One of the questions most asked by parents is, “When should I take my child to the dentist for the first time?” According to recommendations by the American Academy of Pediatric Dentistry, the American Dental Association and the Academy of General Dentistry, the ideal time is when the child is 1 year old. This gives the dentist the opportunity to observe the development of your toddler’s mouth and to notice issues before they develop into major problems. If necessary, recommendations can be made about tooth care, thumb-sucking, pacifier use and diet. This also allows the child to become used to going to the dentist at an early age.
Another major parental concern is how to help a child overcome their fear of going to the dentist. In many cases, your child’s hesitancy is directly related to your own fears of seeing the dentist. Projecting an air of matter-of-fact calm can be very important. Again, starting early may help prevent any fear, as well as speaking of dental checkups in a wholly positive light.
“From the time the kids' teeth come in, I make sure they get regular cleanings. In our experience, the first few visits to the dentist's office are devoted more to education than they are to actually cleaning. The kids get familiar with the equipment and get guidance and instruction from the dentist and/or his assistants, and it's a real learning experience. Then I can remind them to use those new skills when we brush their teeth at home.”
–Rita, of Fighting off Frumpy
If you’re still concerned that your child might find the dental office intimidating, you can also look for a pediatric dentist. These dentists specialize in the care of children.
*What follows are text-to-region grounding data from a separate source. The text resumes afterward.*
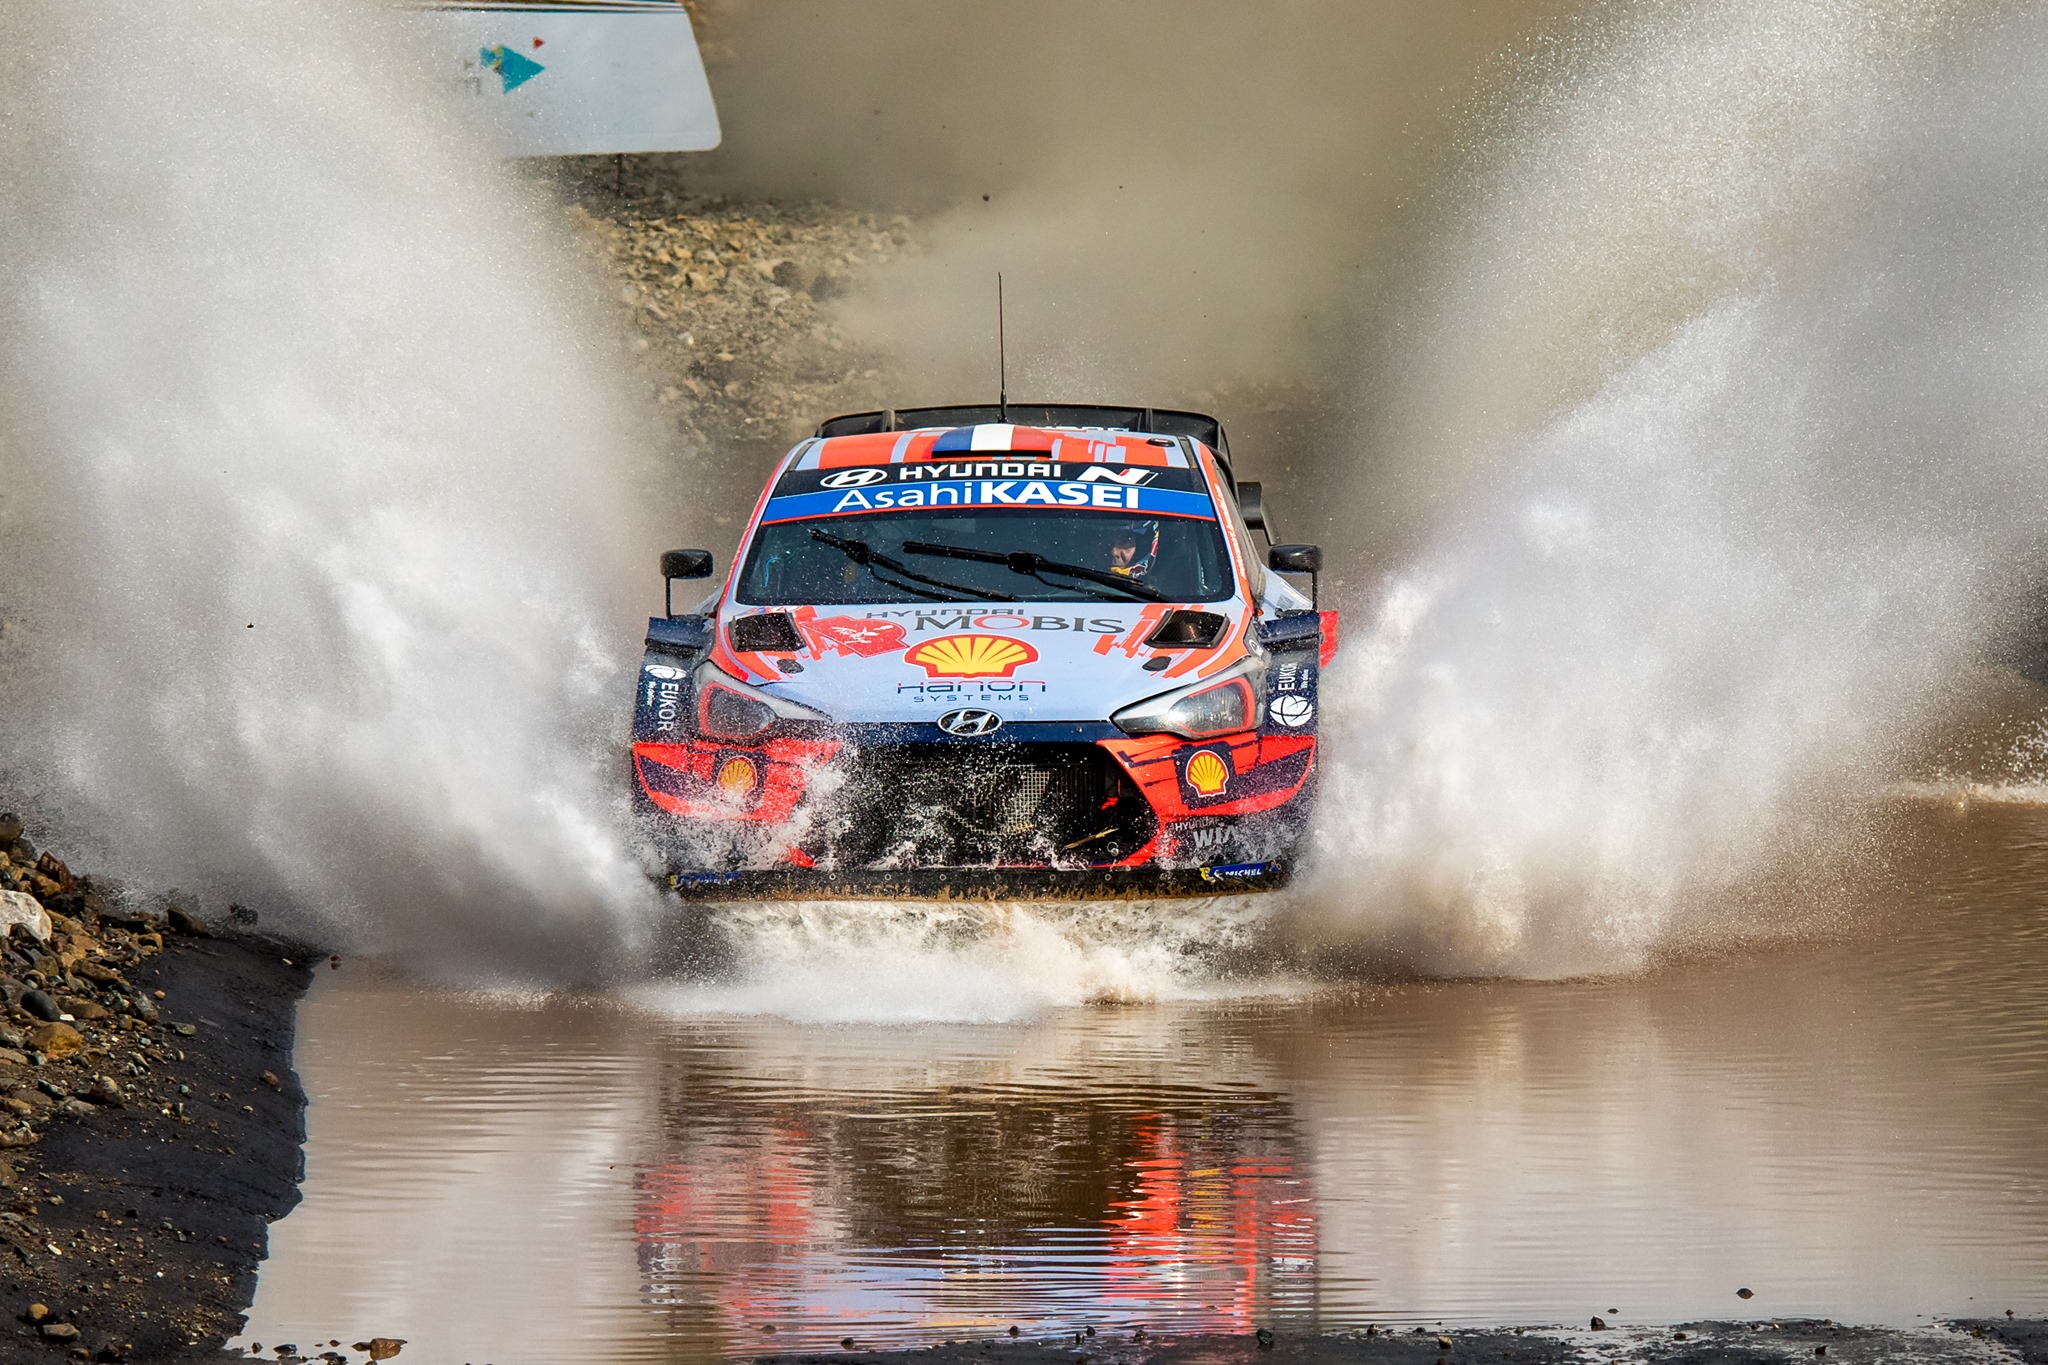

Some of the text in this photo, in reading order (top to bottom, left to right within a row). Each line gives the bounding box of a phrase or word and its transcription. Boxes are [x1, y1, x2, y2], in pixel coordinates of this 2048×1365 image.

[899, 463, 1061, 480] HYUNDAI
[866, 609, 1024, 619] HYUNDAI
[914, 615, 1126, 634] MOBIS
[657, 682, 679, 731] EUKOR
[914, 695, 1029, 703] SYSTEMS
Everything from the décor of the office to the terminology to the techniques they use-and eevn how the post-visit prizes are designed. These can all help your child's relaxation and can ease their mind.
Don’t wait until problems arise to take your child to the dentist. Make your first few visits pleasant and not treatment-oriented. You will help your child see going to the dentist as positive or neutral at the very least. To further help your child, let her bring a favorite toy to distract her and don’t hesitate to use appropriate rewards for a job well done. Consider talking to her in advance about what she would like as a reward for a good dental visit. Stickers, an outing or additional television time are just a few possibilities.
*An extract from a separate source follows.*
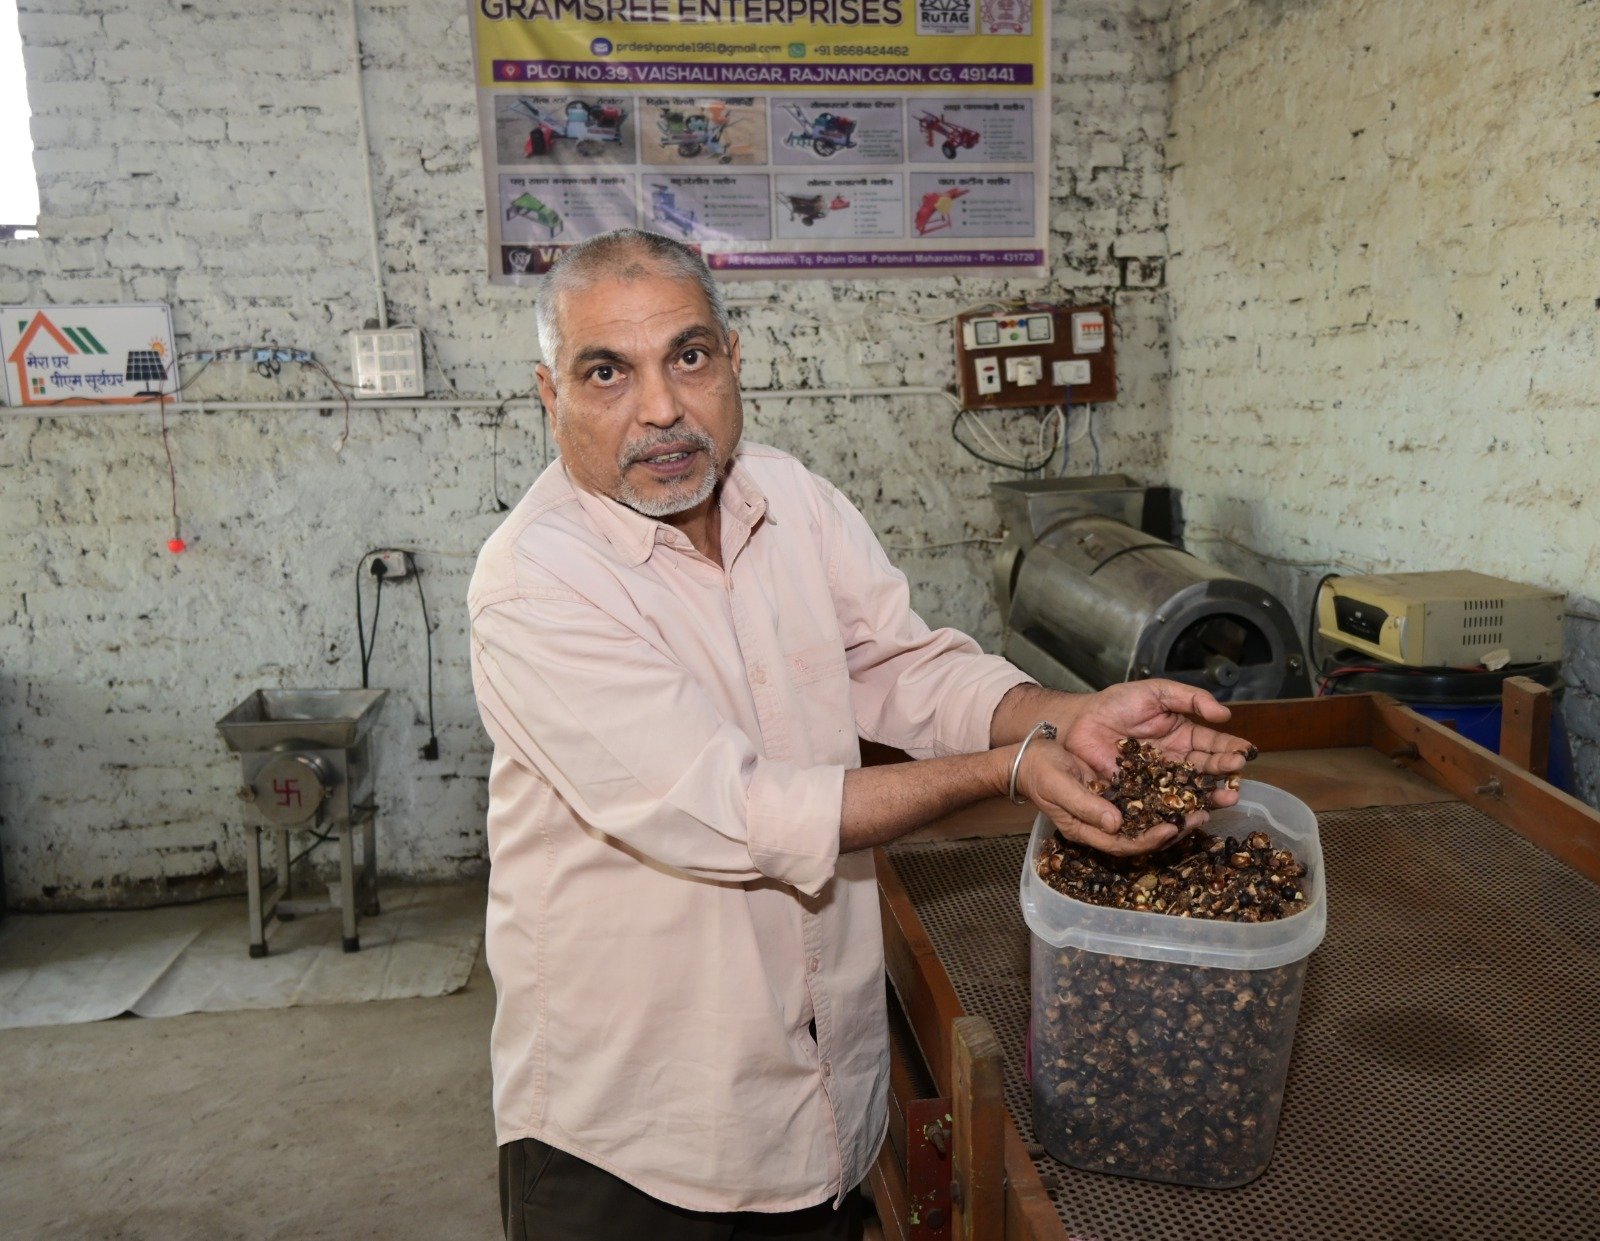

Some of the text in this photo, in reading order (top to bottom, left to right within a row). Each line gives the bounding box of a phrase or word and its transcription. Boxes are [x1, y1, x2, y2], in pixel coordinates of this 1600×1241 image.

Perhaps most important, don’t forget to schedule your next visit. No matter how crazy your life may become, visiting the dentist twice a year is one of the most important ways you can promote your child’s health and well-being.
Baby Teeth – Cleaning the teeth they will lose
It’s tempting to minimize the importance of oral care for kids who still have their baby teeth. After all, they will just fall out anyway, right?
This myth may be one of the reasons that tooth decay is taking on epidemic proportions in our country today. According to the Pew Center on the States, tooth decay among children aged 2-5 increased by 15% between 1994 and 2004. Even more ominously, the Centers for Disease Control and Prevention report that tooth decay in children has risen by 20% in the past 8 years. The CDC also reports that only 48% of children entering kindergarten have seen a dentist within the past year.
“Tater Tot is pretty concerned about not having cavities, so he's pretty receptive to the whole dental health routine. Every now and then he'll balk at brushing his teeth, but then I just remind him that not brushing can lead to cavities, and he usually comes around.”
–Marian, of Tater Tales
Tooth decay is 7 times more common than hay fever and 5 times more common than asthma, according to the Academy of General Dentistry. We cover our coughs and wash our hands after using the restroom, but what about brushing and flossing our teeth? We typically don’t even put them in the same category. Even if cavities occur in baby teeth that will soon fall out, they can have lifelong negative effects on the permanent teeth developing beneath the surface. For that reason, postponing dental care is rarely a good idea.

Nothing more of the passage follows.